» **EXERCISE BRIEF**
Reproduce every entry exactly and leave its pictures out.

==== DATA FOR THIS TASK ====

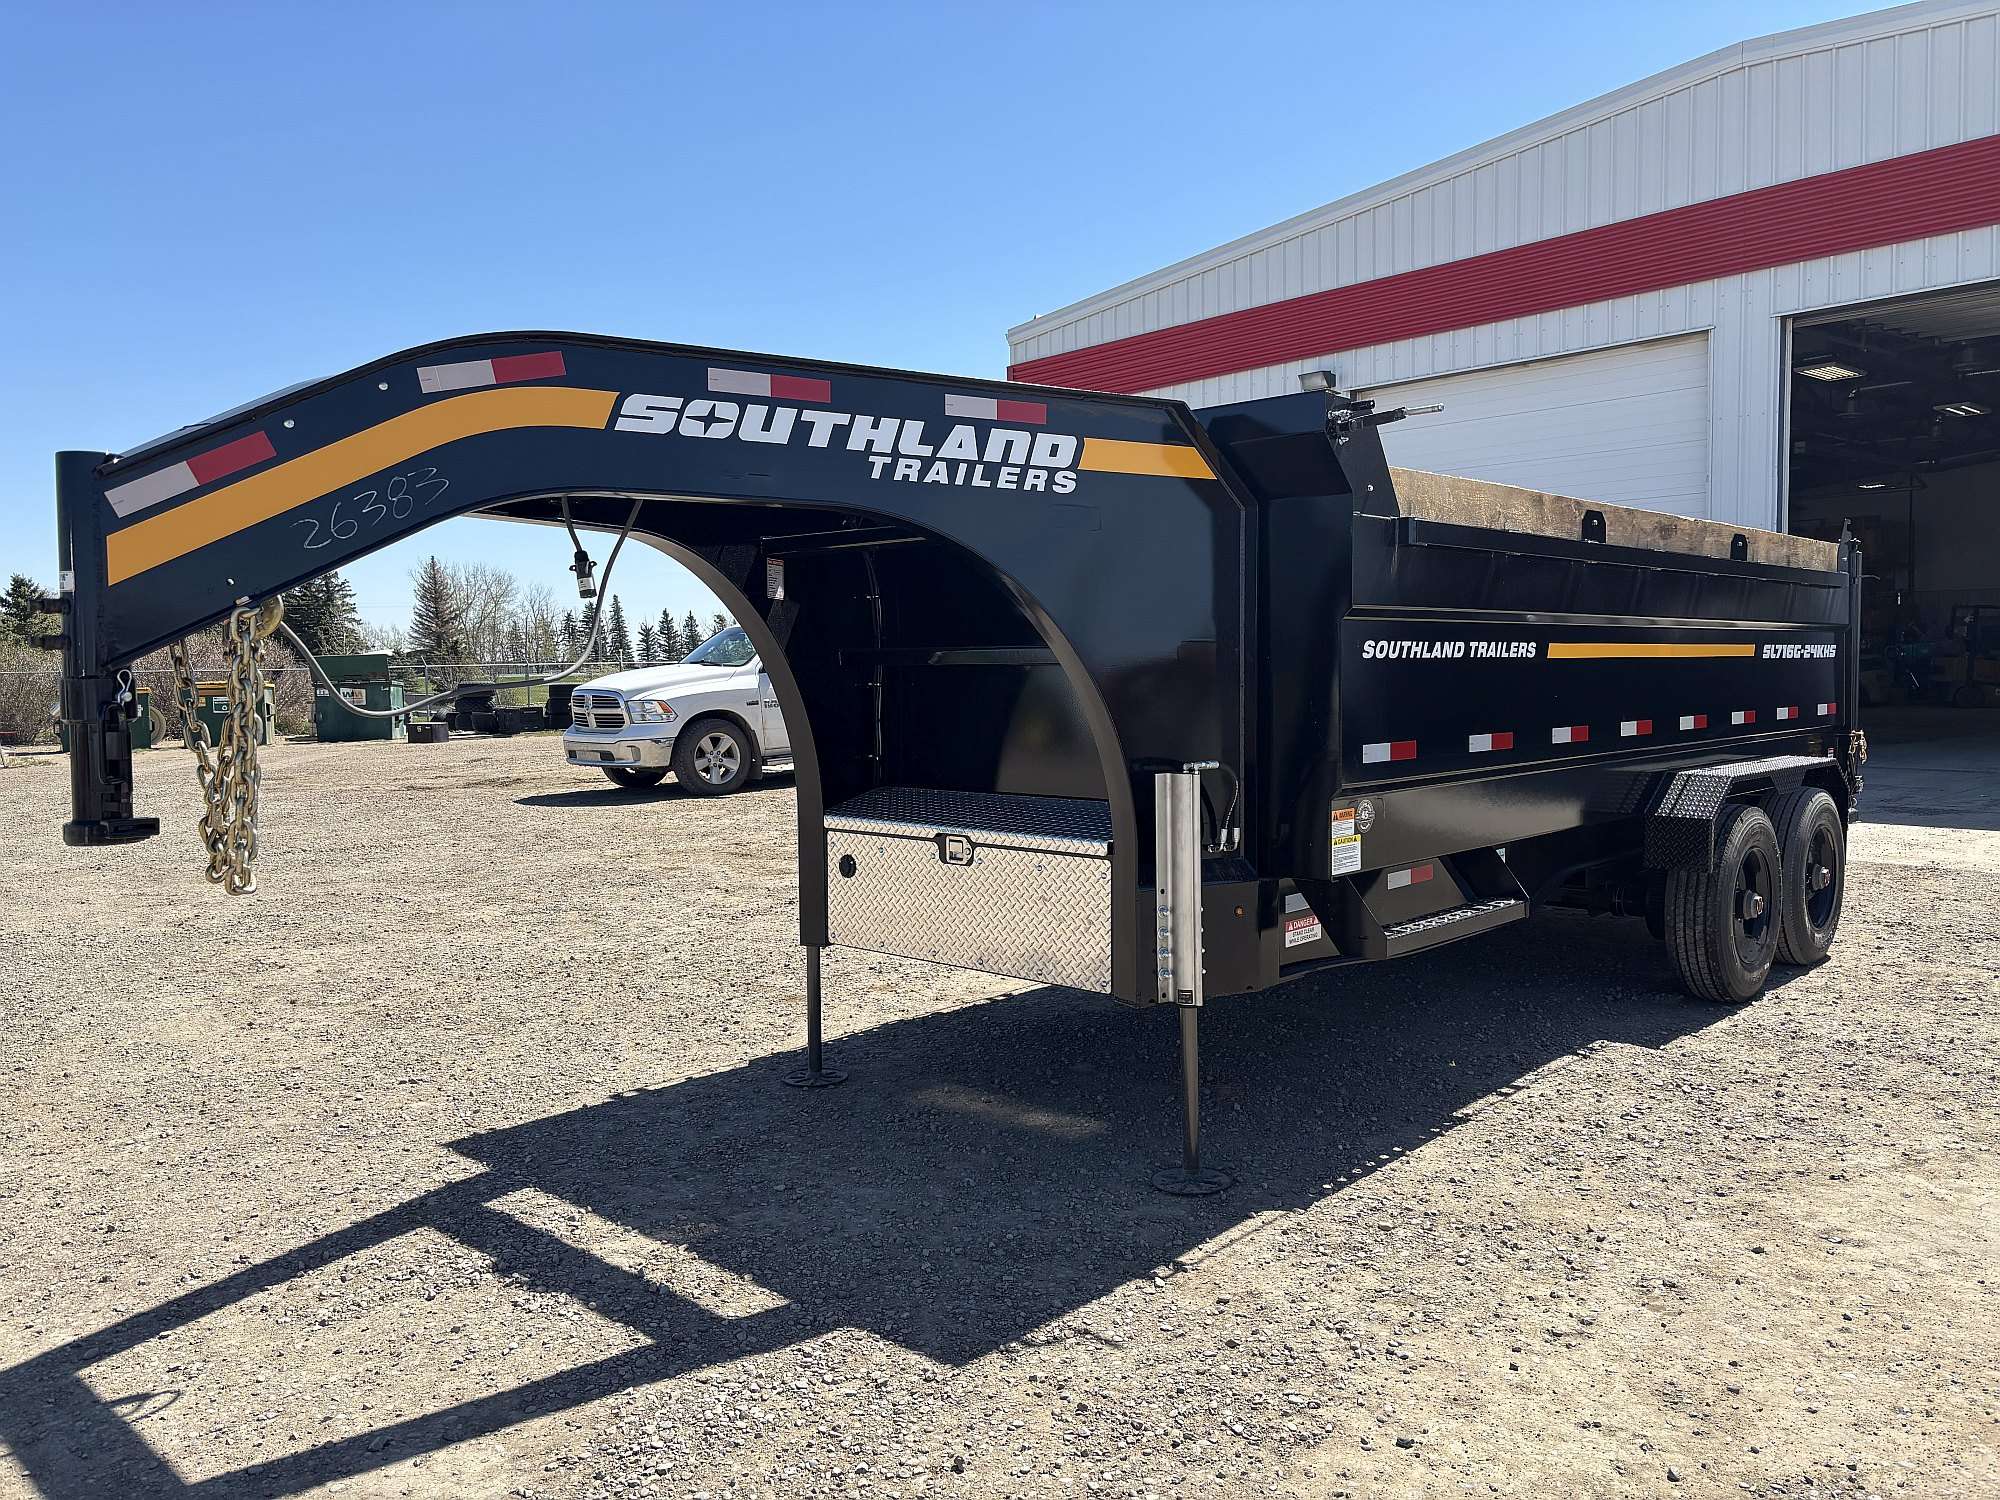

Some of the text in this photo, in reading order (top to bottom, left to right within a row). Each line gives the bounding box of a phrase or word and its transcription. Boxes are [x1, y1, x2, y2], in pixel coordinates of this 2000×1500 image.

[615, 393, 1078, 468] SOUTHLAND
[868, 455, 1078, 494] TRAILERS
[289, 467, 450, 549] 26383
[1362, 639, 1537, 659] SOUTHLAND TRAILERS
[1762, 644, 1837, 659] SL716G-24KHS
[1337, 836, 1354, 845] CAUTION
[1293, 917, 1313, 929] DANGER
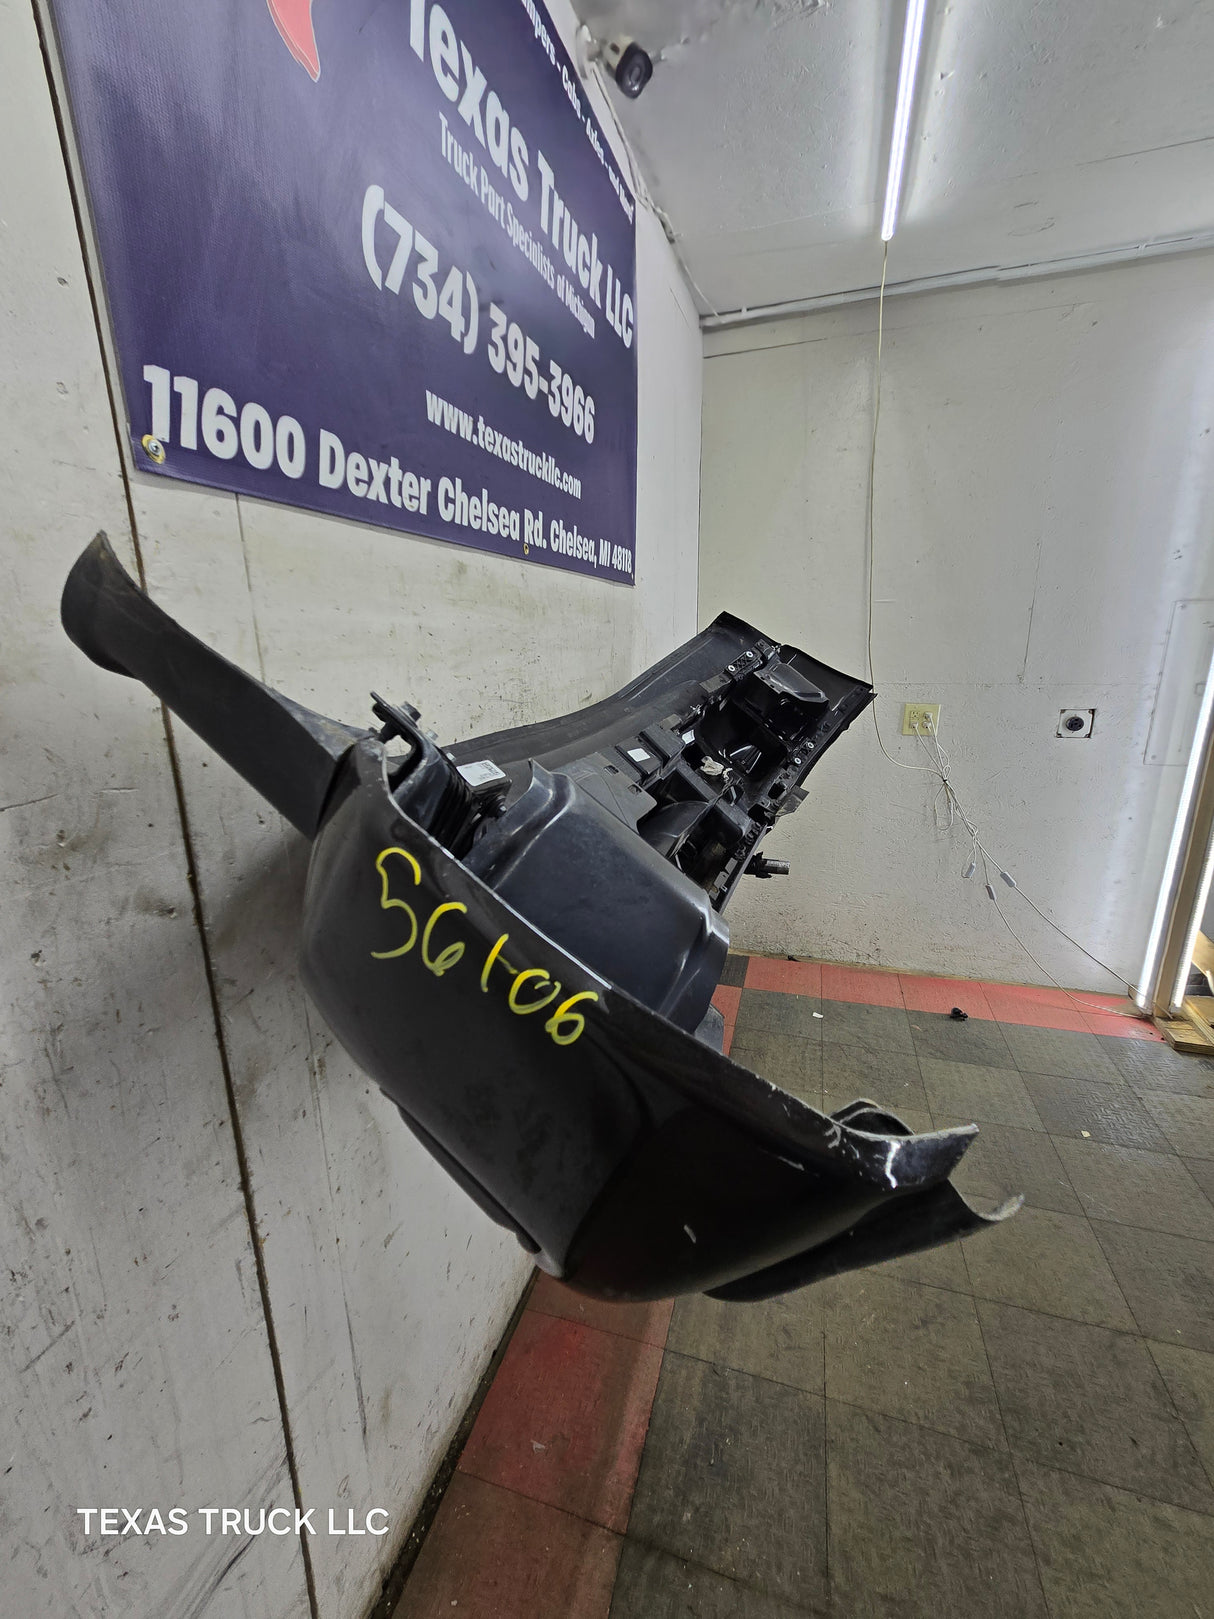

====

» **SOLUTION FOR THIS EXERCISE**
Some of the text in this photo, in reading order (top to bottom, left to right within a row). Each line gives the bounding box of a phrase or word and its transcription. Boxes are [x1, y1, x2, y2], in pixel coordinates of this 2000×1500 image.

[615, 393, 1078, 468] SOUTHLAND
[868, 455, 1078, 494] TRAILERS
[289, 467, 450, 549] 26383
[1362, 639, 1537, 659] SOUTHLAND TRAILERS
[1762, 644, 1837, 659] SL716G-24KHS
[1337, 836, 1354, 845] CAUTION
[1293, 917, 1313, 929] DANGER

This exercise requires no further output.